Shout-out to Corilon Violins

March 15, 2019, 2:27 PM · Just wanted to give a little shout-out to Corilon violins. I've been watching them for a while now but hadn't taken the leap and encouraged any students to actually buy from them because the thought of buying online without trying the instrument first sketched me out.

Realizing that they accept returns eased my hesitance.

Anyways, my student got the violin and honestly, it's fantastic. Great sound, really good condition, high quality set-up and I do believe that the same violin would have costed close between 2.5k-3k in a typical violin shop, but it cost them about 1200 through Corilon.

I'm genuinely impressed, and students who want to buy violins that are about $1000 and above I'll probably be sending to them from now on.

Anyways, I highly recommend getting over any fears about ordering a violin online without playing it first, because it turned out pretty dang well in this instance.

Replies (37)

March 15, 2019, 2:34 PM · Corilon's prices are actually pretty high IMHO
March 15, 2019, 3:08 PM · So these instruments travel from Germany to Northern California, and I take it they have to be set up anew after arrival?
March 15, 2019, 5:53 PM · Was the sound sample somewhat accurate?? I figure that's the best way to get any indication of the violin's sound.
Edited: March 15, 2019, 6:35 PM · They come set up and packed well, usually everything is fine.
Lyndon, I had the same concerns like Erik and didn't buy there for myself, and since my luthier is a dear friend... but I could test several violins from them because a friend ordered four (!) violins for a check-out (although shipping was only via 300km) some time ago, between 1,5 and 3,5k, and I'd say that for what you get for your money, the prices are definitely fair. And you can be absolutely sure you'll get no crap from them anyways - I'm sure they're offered far more instruments than they accept. They know their stuff and are earning a good reputation.

If I was in the search for a good german or french workshop violin <5k, I'd definitely visit there (it's not so far for me) since this is something our local luthiers don't really have much on stock but rather cover this price segment with new german and romanian workshop instruments. It wouldn't be the only option I had in mind, but I'd definitely consider it.

Edited: March 15, 2019, 6:42 PM · Lyndon, they're much lower than the prices in a typical violin shop, based on my experience with those. I have noticed that you tend to remark on other shops' prices quite often, but are you basing those remarks just in comparison to your own prices, or are you comparing them to *typical* prices? Because even if your prices are substantially lower than the norm, it's sort of irrelevant to anyone unless they live near you. Yes, one could fly out to try your violins, but that's typically reserved for much more expensive instruments.

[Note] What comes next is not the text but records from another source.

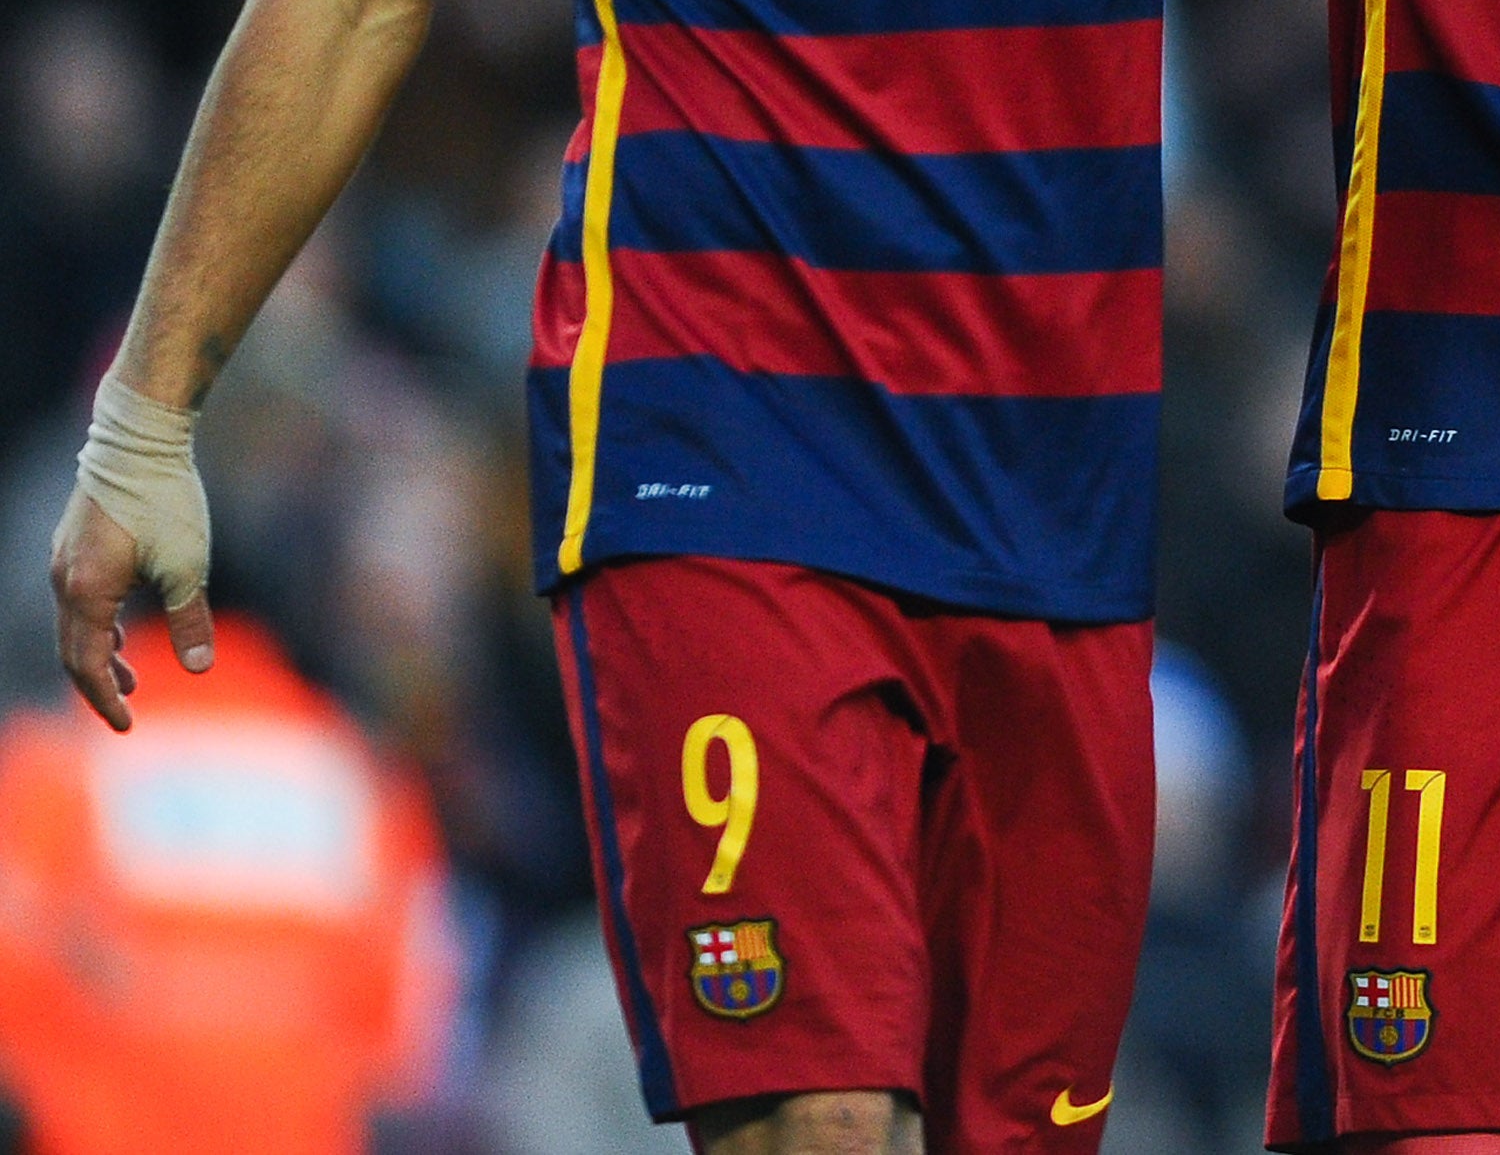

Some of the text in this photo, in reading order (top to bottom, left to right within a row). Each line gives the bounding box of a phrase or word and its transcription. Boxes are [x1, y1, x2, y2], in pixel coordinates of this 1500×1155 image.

[1388, 428, 1458, 443] DRI-FIT
[681, 713, 760, 895] 9
[1359, 768, 1447, 945] 11
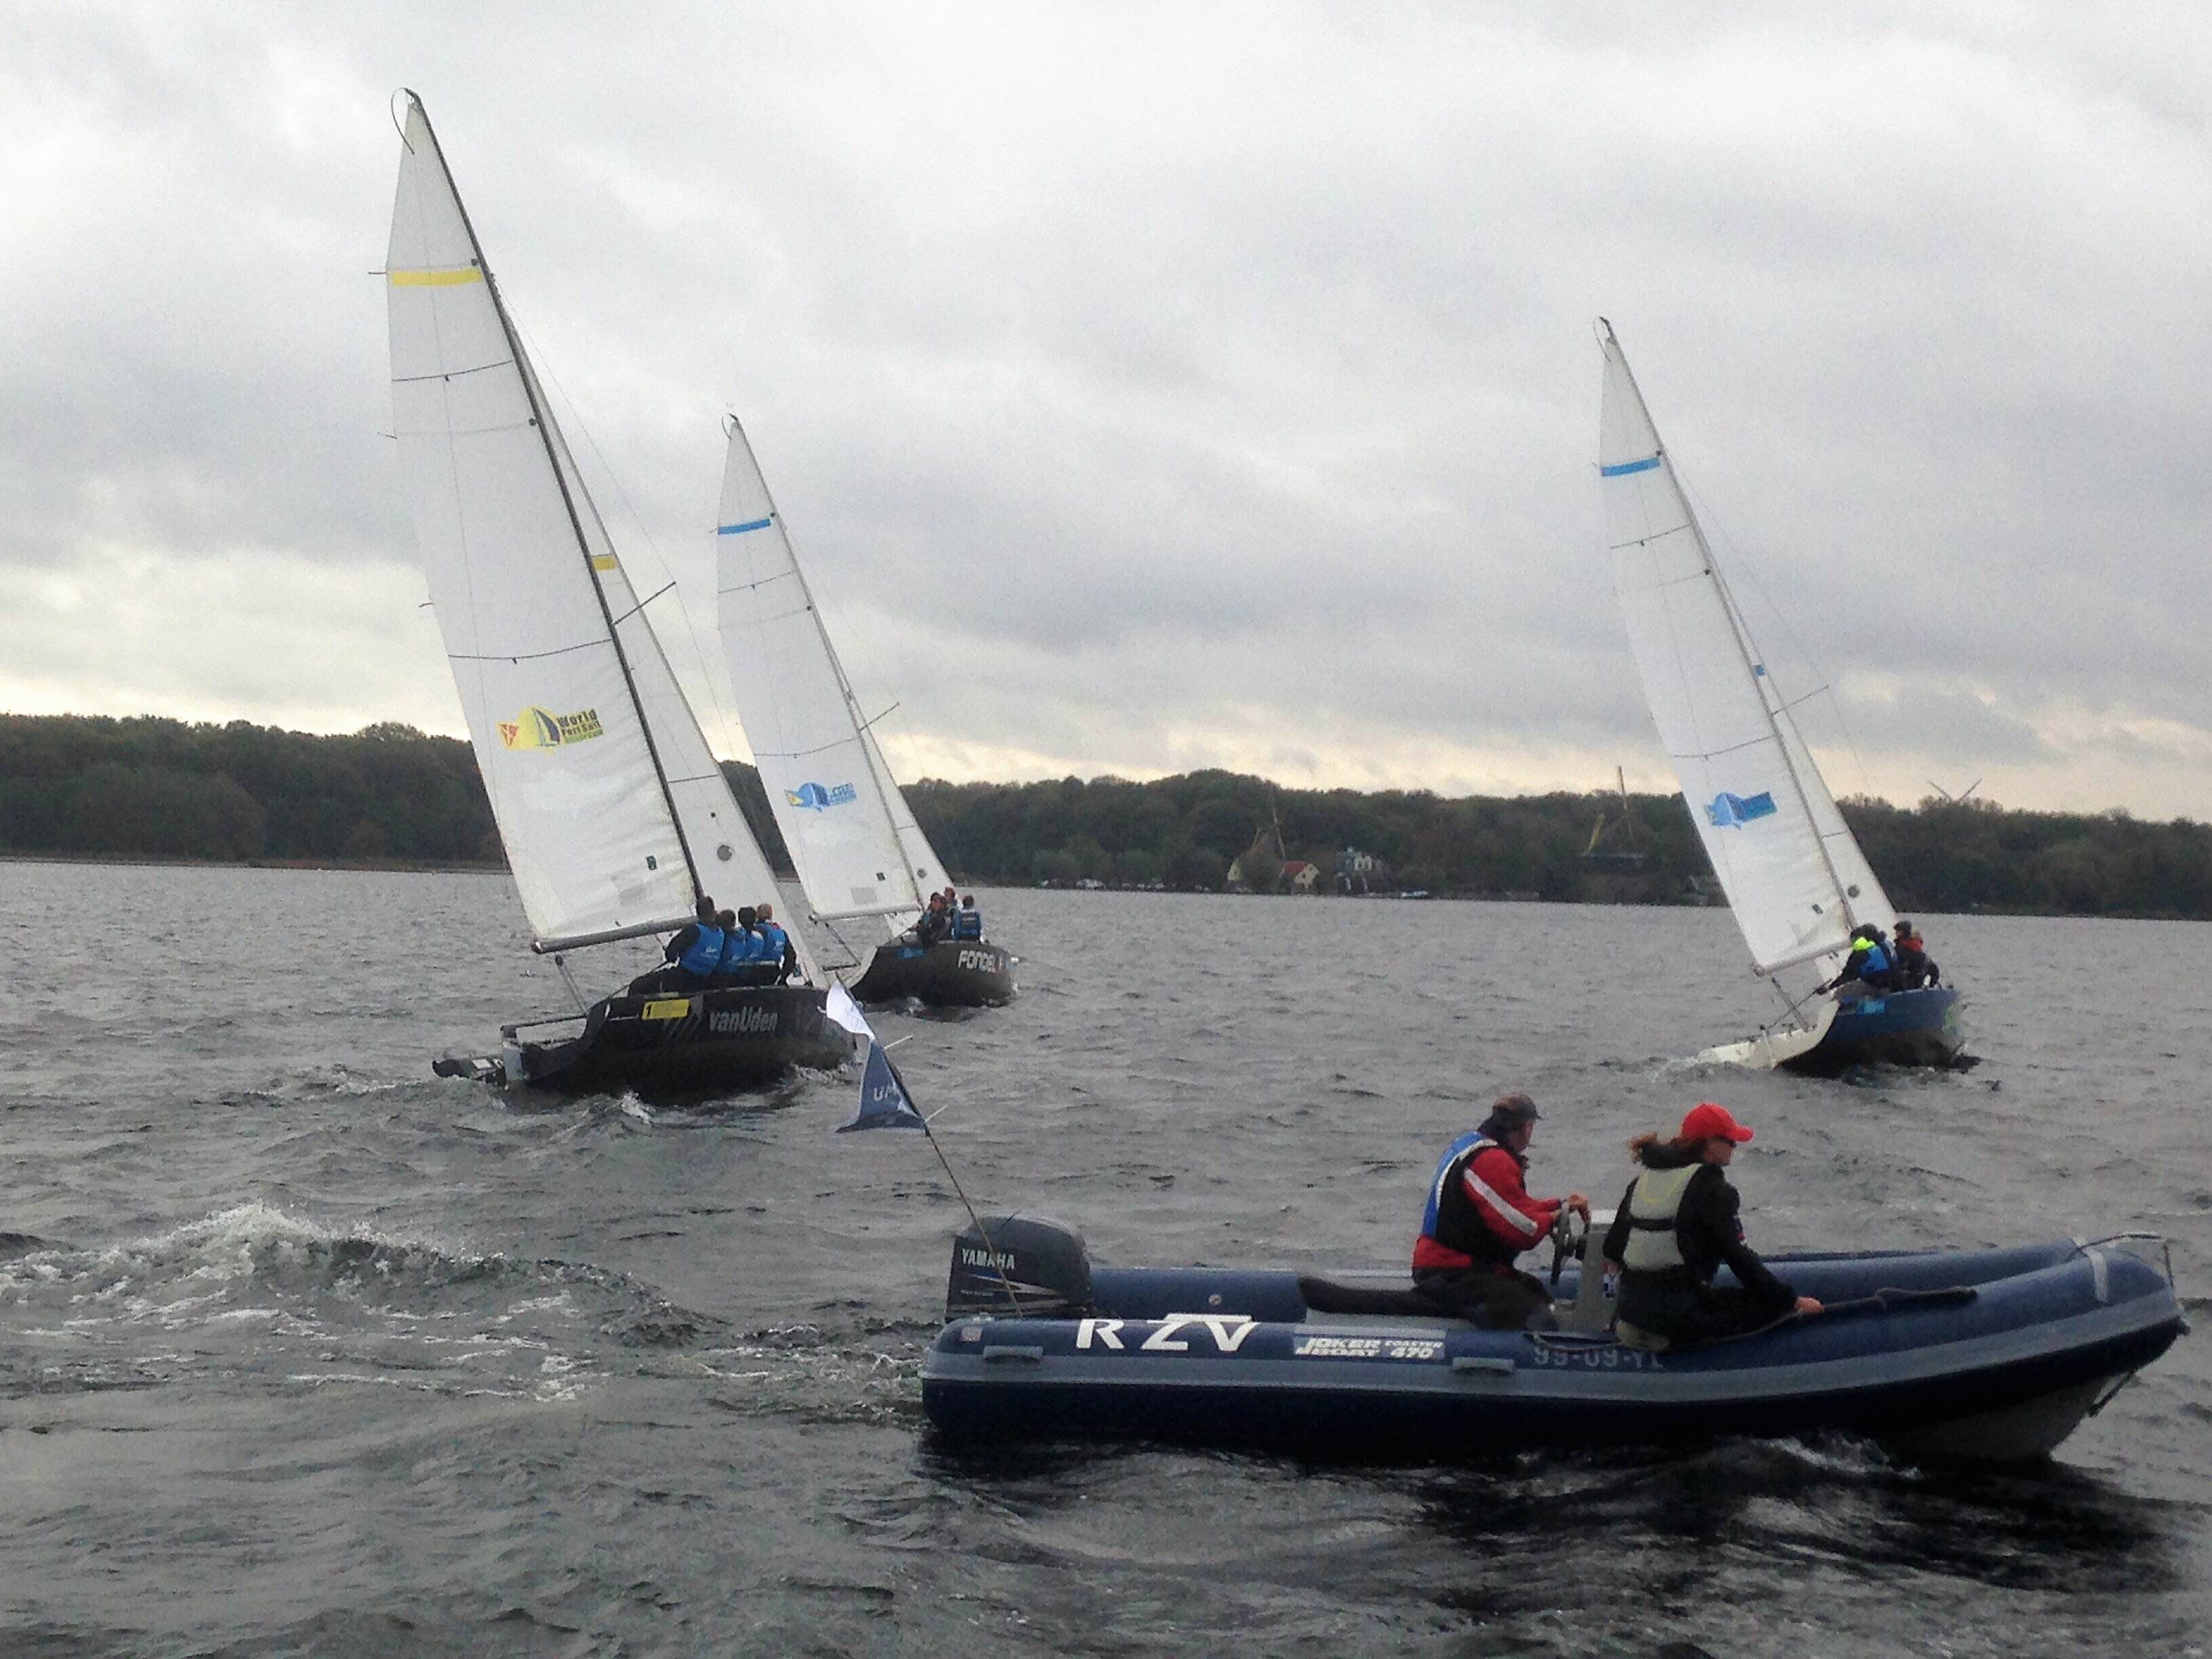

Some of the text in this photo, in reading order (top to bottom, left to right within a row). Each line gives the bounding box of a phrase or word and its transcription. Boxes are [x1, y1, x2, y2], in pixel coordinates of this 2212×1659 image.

[557, 708, 598, 727] World
[645, 1004, 652, 1017] 1
[962, 1248, 1015, 1270] YAMAHA
[1076, 1312, 1260, 1352] RZV

Herman, I believe that is correct, although the student had already tuned the violin upon showing it to me so I don't know if she also put the bridge on. It's my impression that they keep the strings on during shipping.

Thierno, the sound sample was technically accurate, but the sound in real life was substantially better than I expected based on the recording. Of course, this isn't surprising, because their recordings are done in a pretty dead acoustic. So although the samples are accurate in terms of basic balance and tone, they must be taken with a grain of salt. But that's a heck of a lot better than nothing. I had also gotten the impression that the violin might be a bit hard to play because in the recording it sounded slightly like the player was struggling, but that ended out not being the case at all.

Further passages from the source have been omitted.